WHAT IS BEING ASKED —
The reply should hold every record, copied exactly, and none of the pictures.

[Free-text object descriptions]
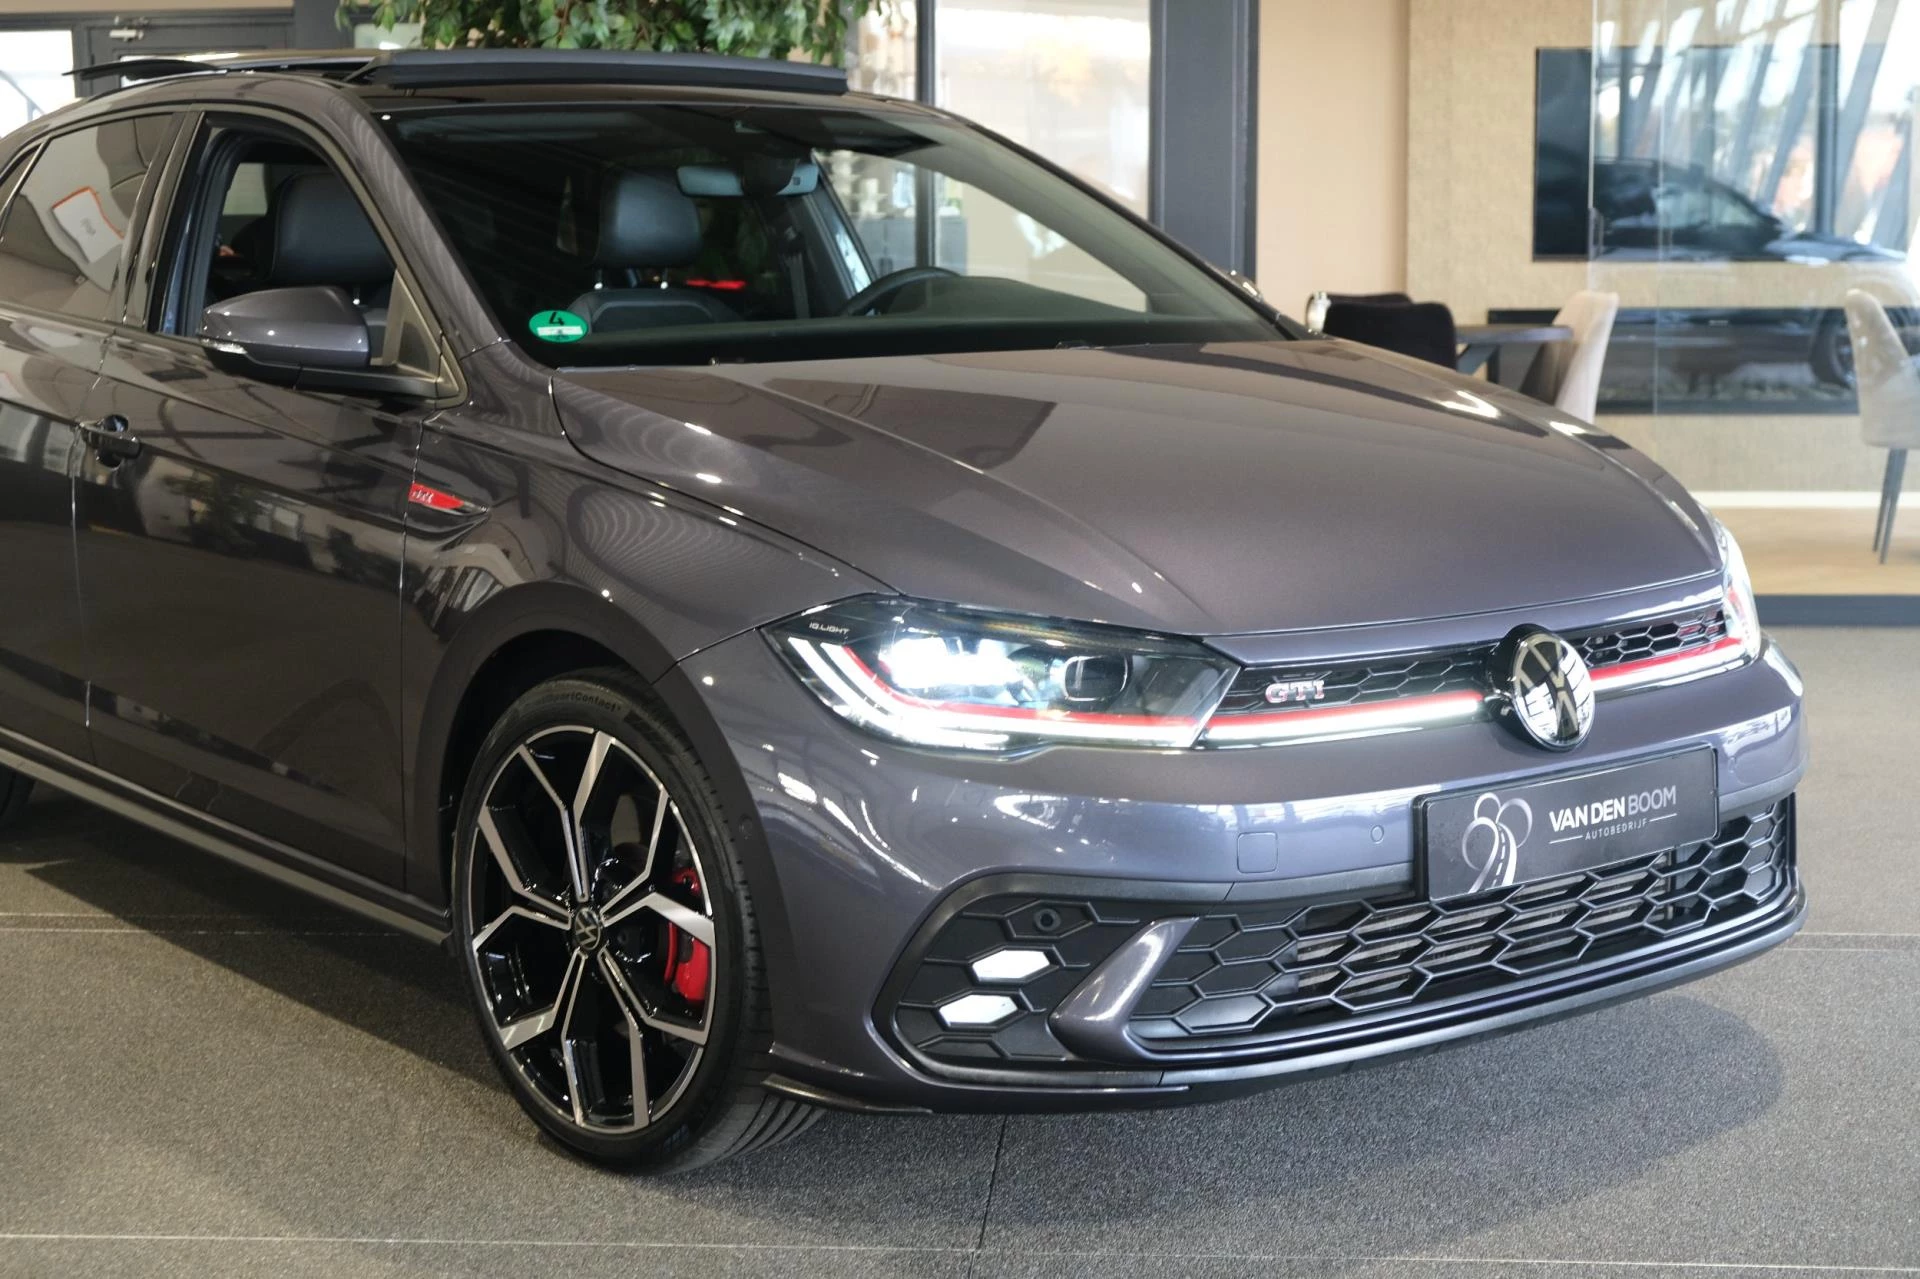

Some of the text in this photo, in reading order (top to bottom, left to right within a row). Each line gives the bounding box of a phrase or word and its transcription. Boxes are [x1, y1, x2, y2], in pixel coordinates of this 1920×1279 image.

[549, 311, 565, 326] 4
[1265, 680, 1325, 704] GTI
[1549, 785, 1677, 832] VAN DEN BOOM
[1585, 817, 1648, 841] AUTOBEDRIJF
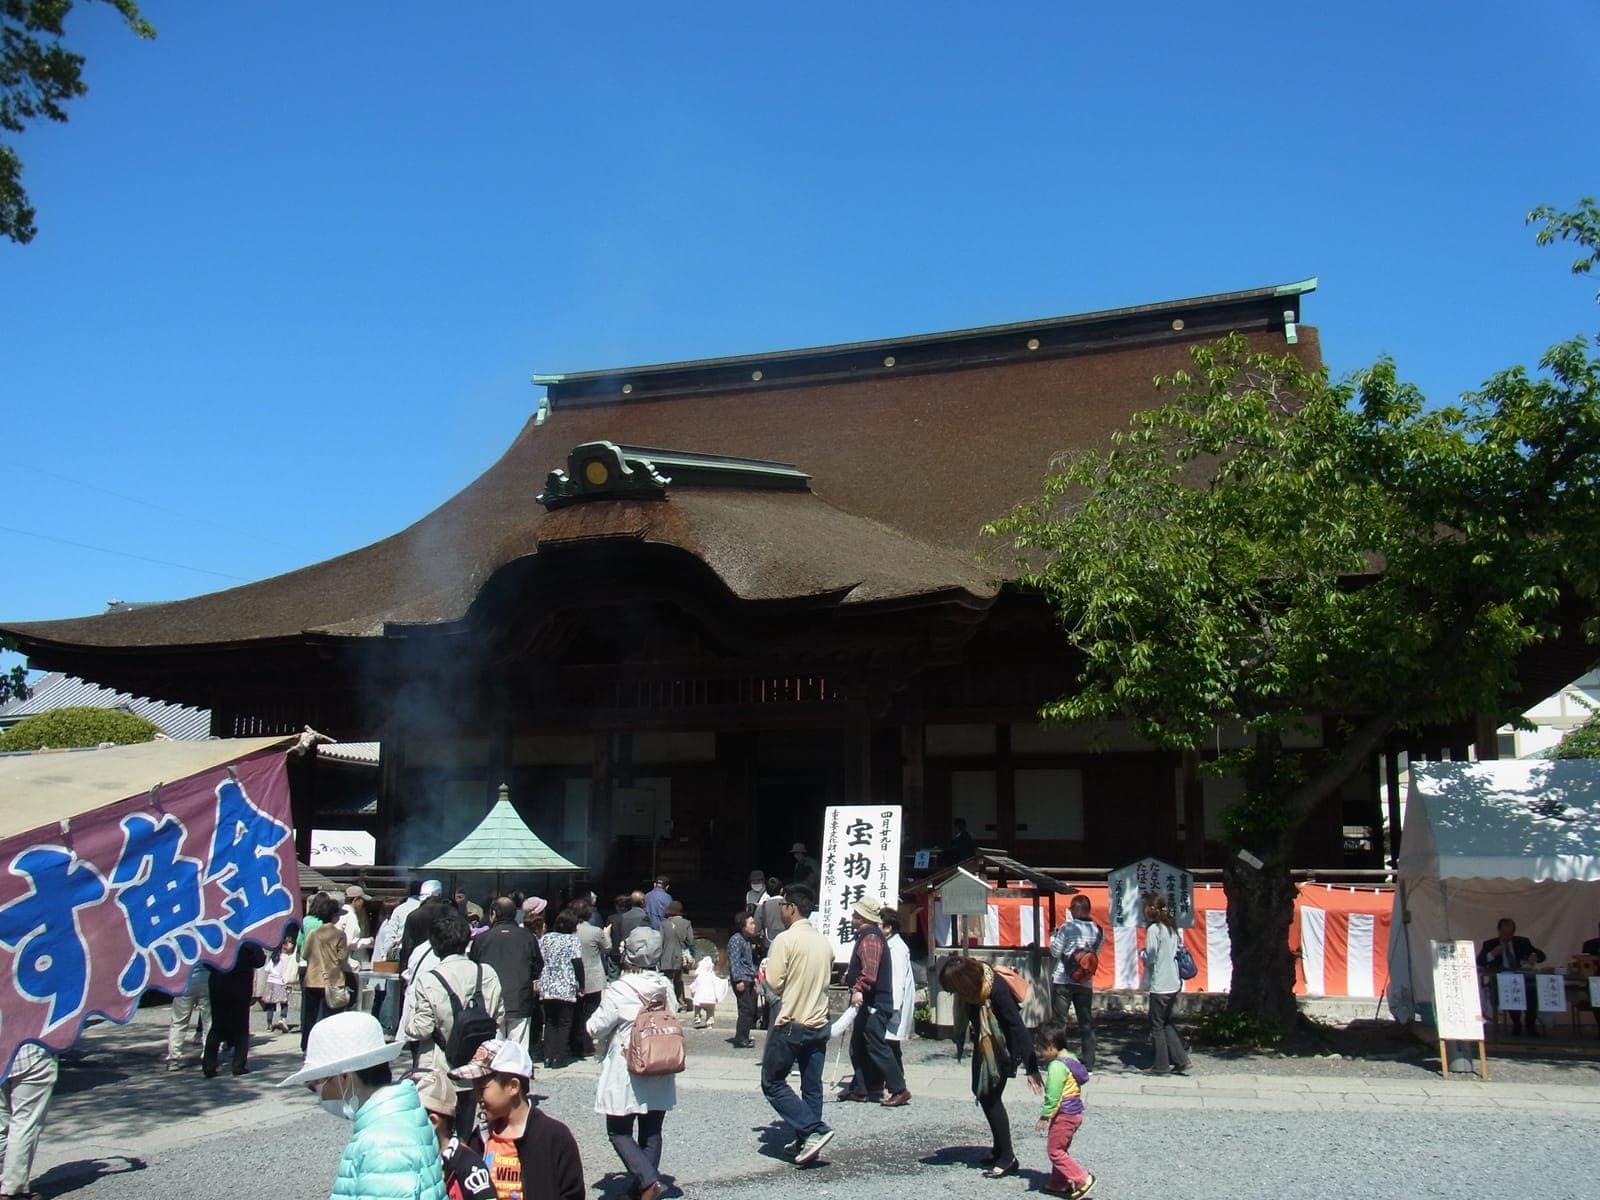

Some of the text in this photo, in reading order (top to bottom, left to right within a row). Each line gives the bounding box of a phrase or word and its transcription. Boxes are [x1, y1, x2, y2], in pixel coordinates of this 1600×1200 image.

[1136, 861, 1148, 896] たばこ
[1150, 861, 1161, 894] たき火
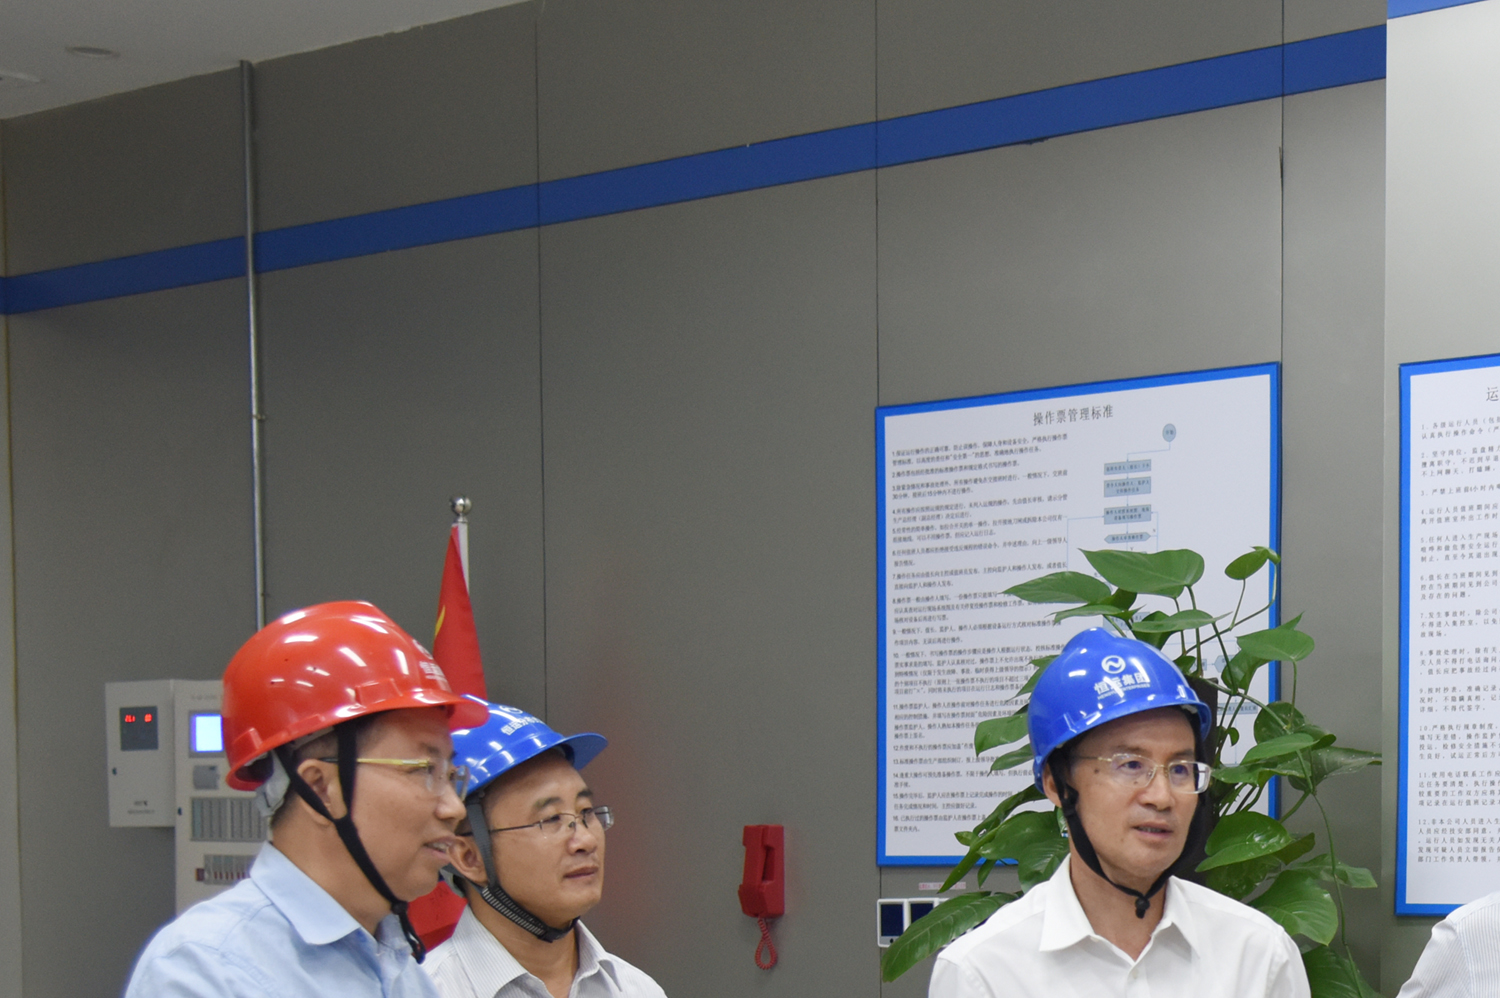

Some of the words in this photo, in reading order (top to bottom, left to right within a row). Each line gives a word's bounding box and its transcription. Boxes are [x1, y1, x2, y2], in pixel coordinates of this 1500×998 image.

SOLUTION TO THIS EXERCISE —
Some of the text in this photo, in reading order (top to bottom, left to right within a row). Each line gives the bounding box of a phrase or word and its transcription. Boxes are [x1, y1, x2, y2], in pixel coordinates of this 1920×1279 image.

[549, 311, 565, 326] 4
[1265, 680, 1325, 704] GTI
[1549, 785, 1677, 832] VAN DEN BOOM
[1585, 817, 1648, 841] AUTOBEDRIJF

Some of the text in this photo, in reading order (top to bottom, left to right within a row). Each line gives the bounding box of a phrase or word and its transcription. Boxes are [x1, y1, x2, y2], in pixel coordinates of this 1600×1200 image.

[1136, 861, 1148, 896] たばこ
[1150, 861, 1161, 894] たき火

Some of the words in this photo, in reading order (top to bottom, left to right within a row). Each line gives a word's bounding box and its transcription. Boxes are [x1, y1, x2, y2], in pixel coordinates of this 1500×998 image.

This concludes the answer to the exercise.